§ WORK ORDER
Your reply should hold every entry below exactly as written and none of the pictures.

§ EXERCISE INPUTS
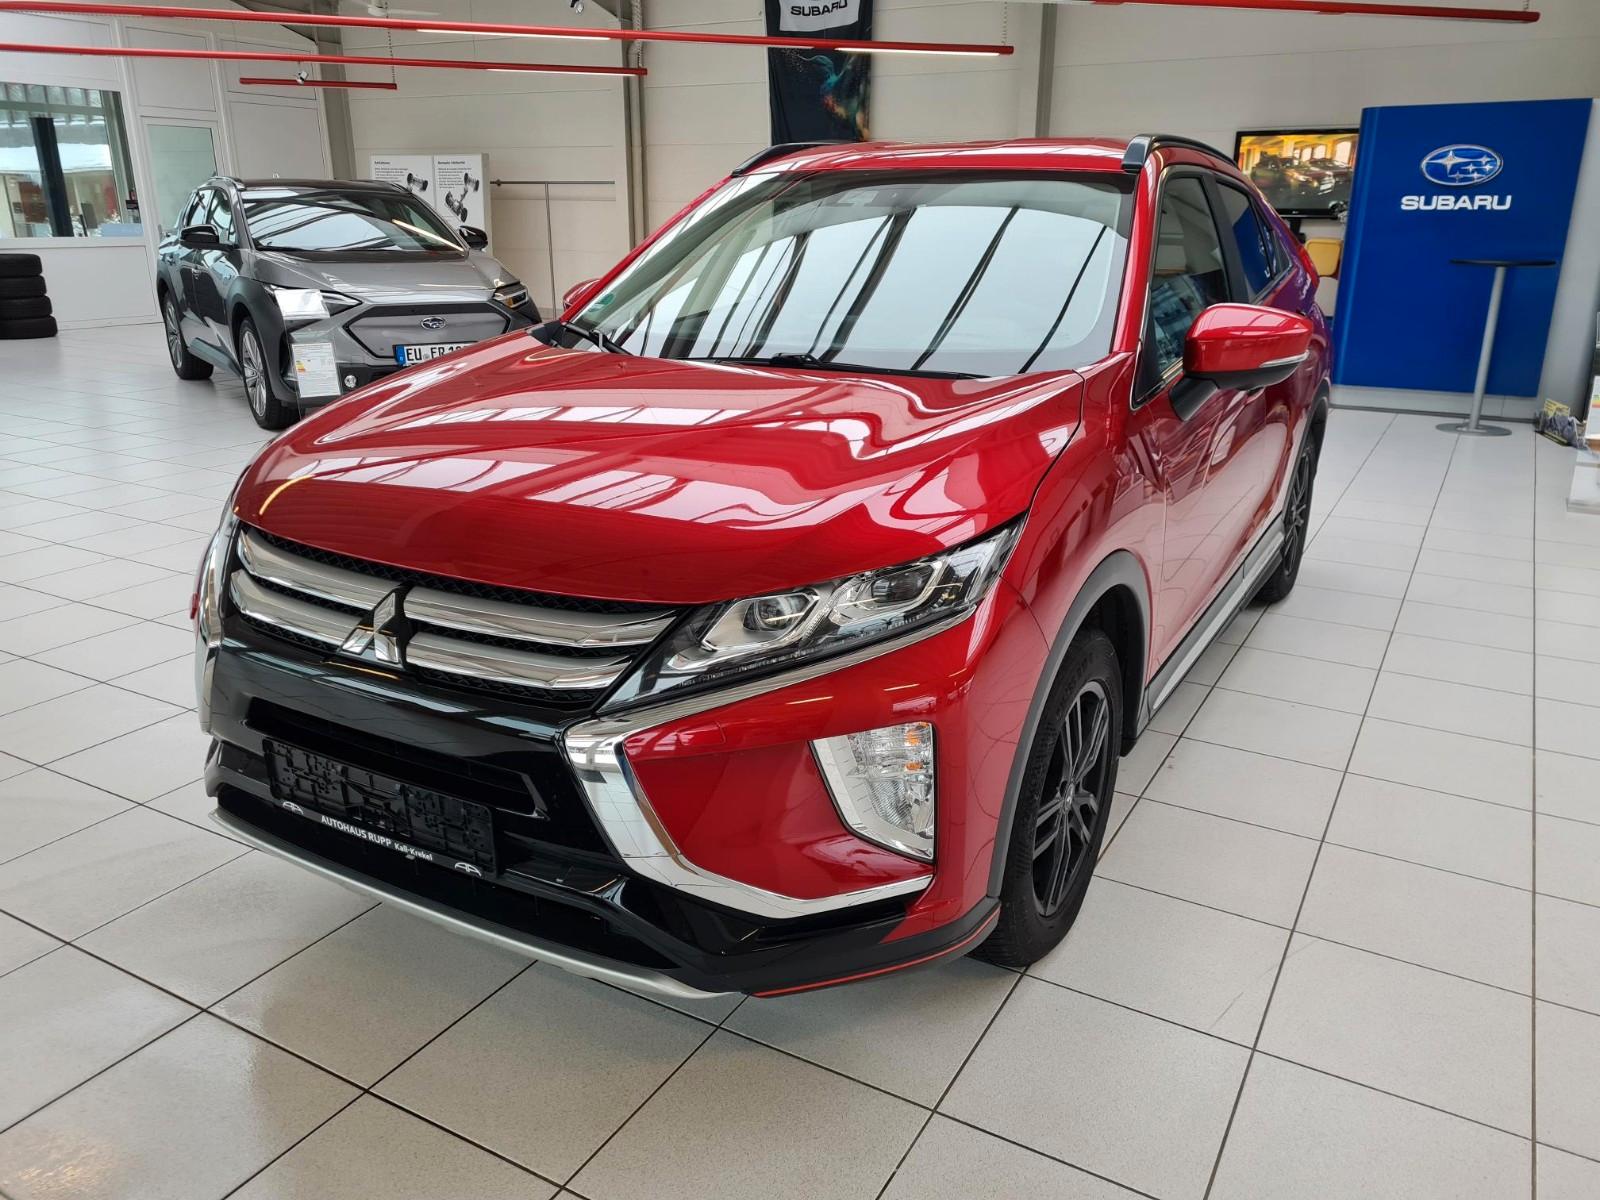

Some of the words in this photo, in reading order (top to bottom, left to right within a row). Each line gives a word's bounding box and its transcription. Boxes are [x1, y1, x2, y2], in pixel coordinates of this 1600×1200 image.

[791, 0, 848, 16] SUBARU
[1401, 195, 1512, 210] SUBARU
[406, 348, 422, 361] EU
[321, 815, 367, 839] AUTOHAUS
[368, 832, 392, 847] RUPP
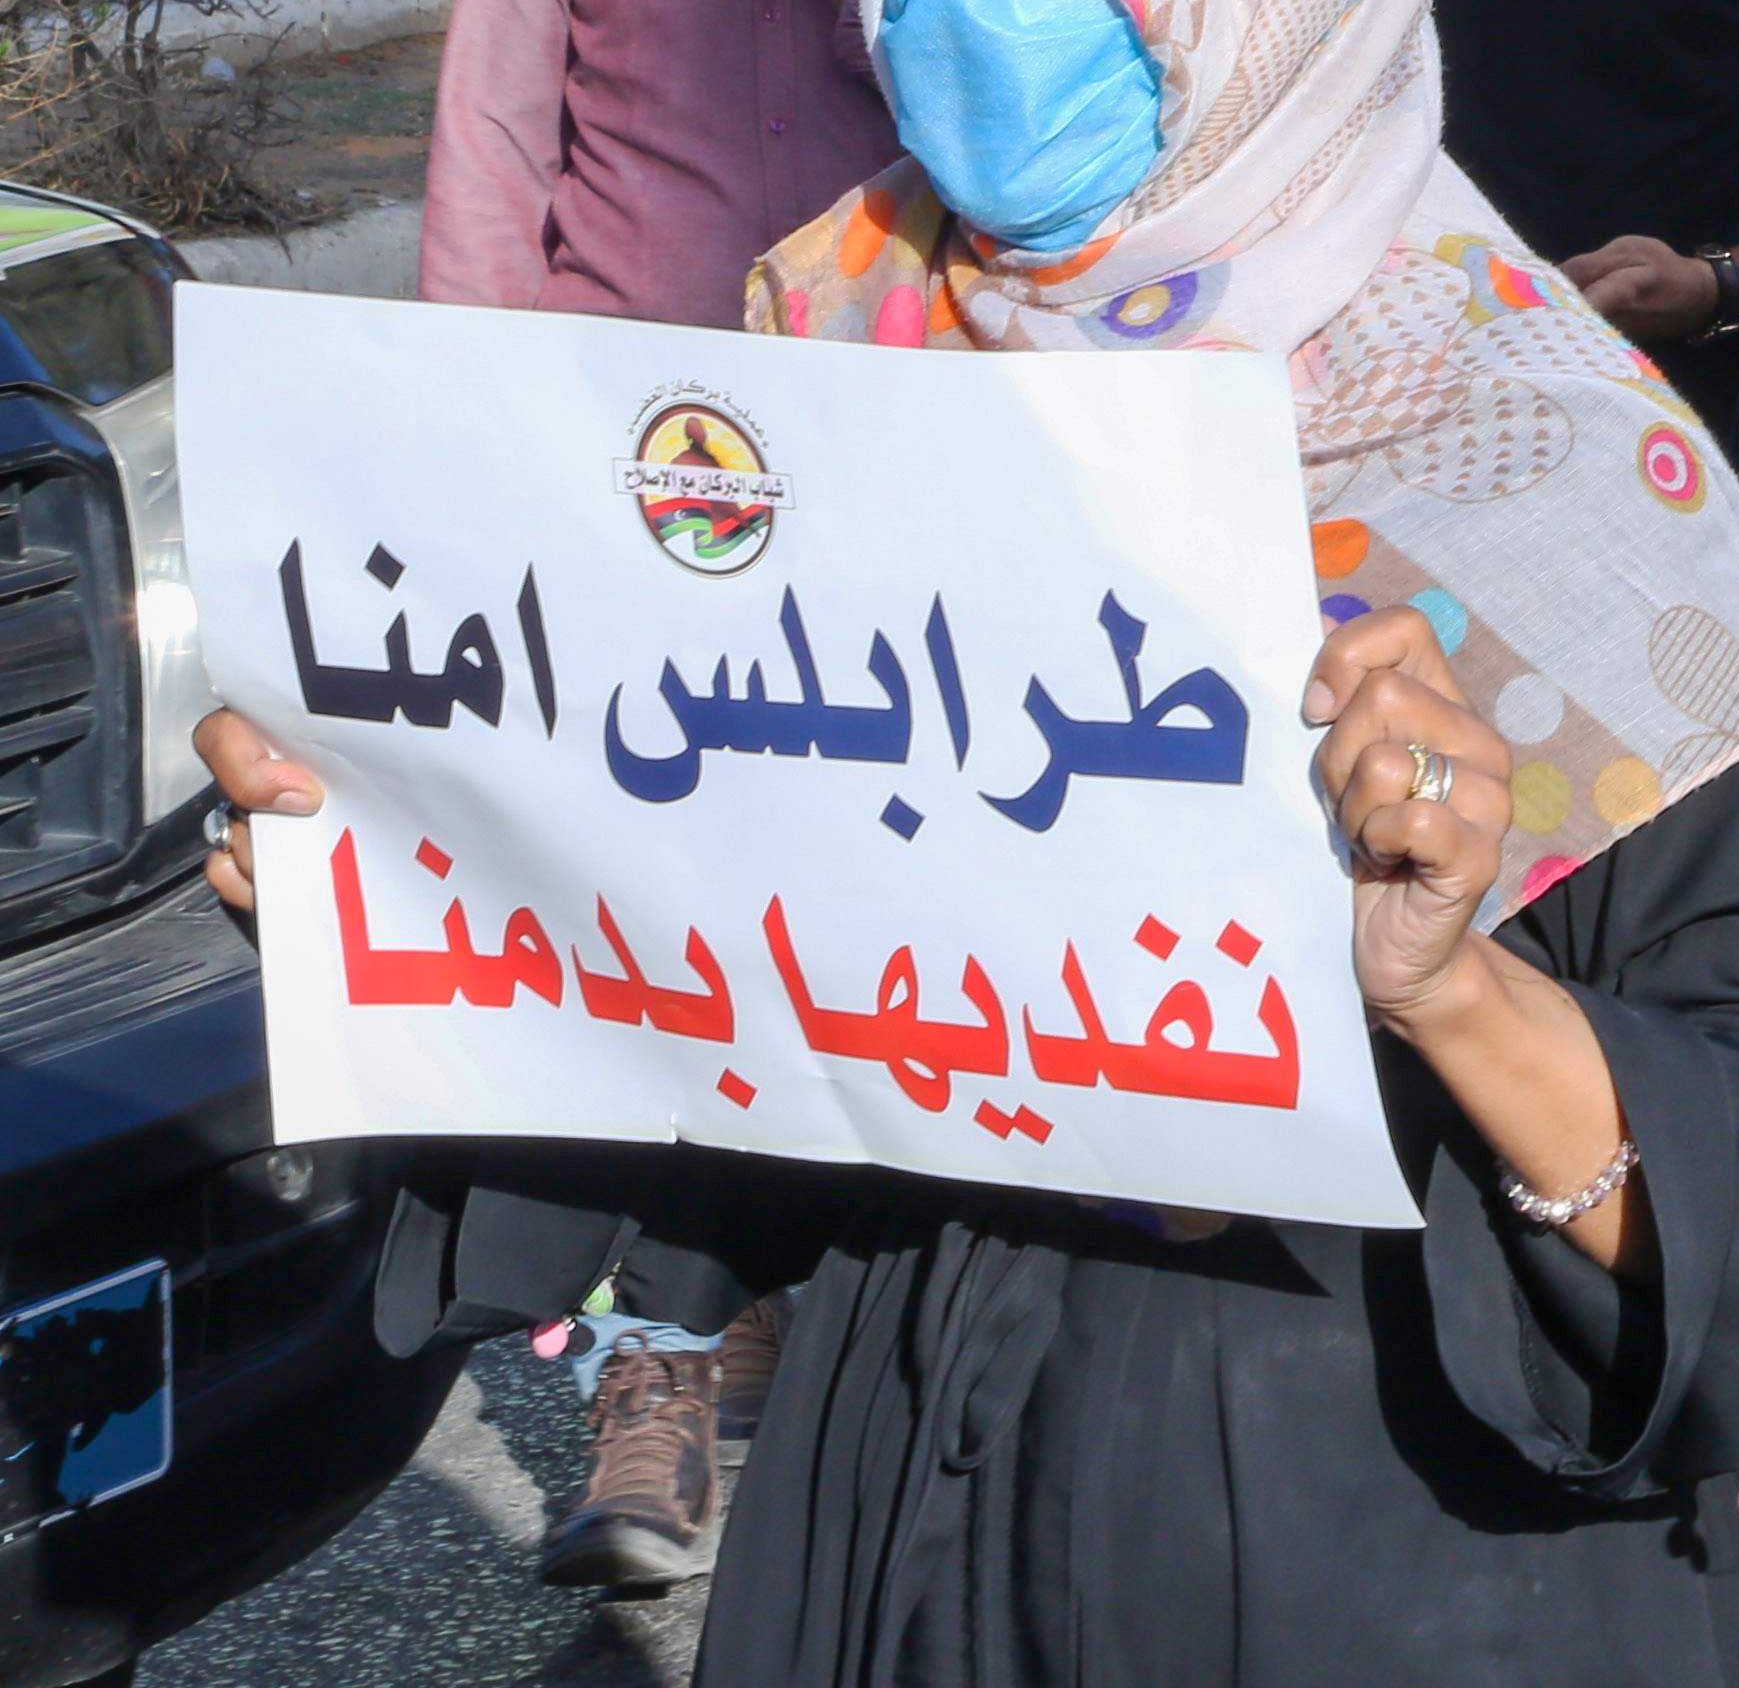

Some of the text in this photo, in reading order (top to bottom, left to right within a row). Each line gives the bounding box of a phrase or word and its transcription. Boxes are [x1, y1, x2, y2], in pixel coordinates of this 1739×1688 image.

[279, 536, 1250, 843] طرابلس امنا
[330, 826, 1303, 1146] نفديها بدمنا

§ SOLVED EXERCISE
Some of the words in this photo, in reading order (top to bottom, left to right within a row). Each line gives a word's bounding box and its transcription. Boxes are [x1, y1, x2, y2], in pixel coordinates of this 1600×1200 image.

[791, 0, 848, 16] SUBARU
[1401, 195, 1512, 210] SUBARU
[406, 348, 422, 361] EU
[321, 815, 367, 839] AUTOHAUS
[368, 832, 392, 847] RUPP

Some of the text in this photo, in reading order (top to bottom, left to right within a row). Each line gives the bounding box of a phrase or word and its transcription. Boxes are [x1, y1, x2, y2], in pixel coordinates of this 1739×1688 image.

[279, 536, 1250, 843] طرابلس امنا
[330, 826, 1303, 1146] نفديها بدمنا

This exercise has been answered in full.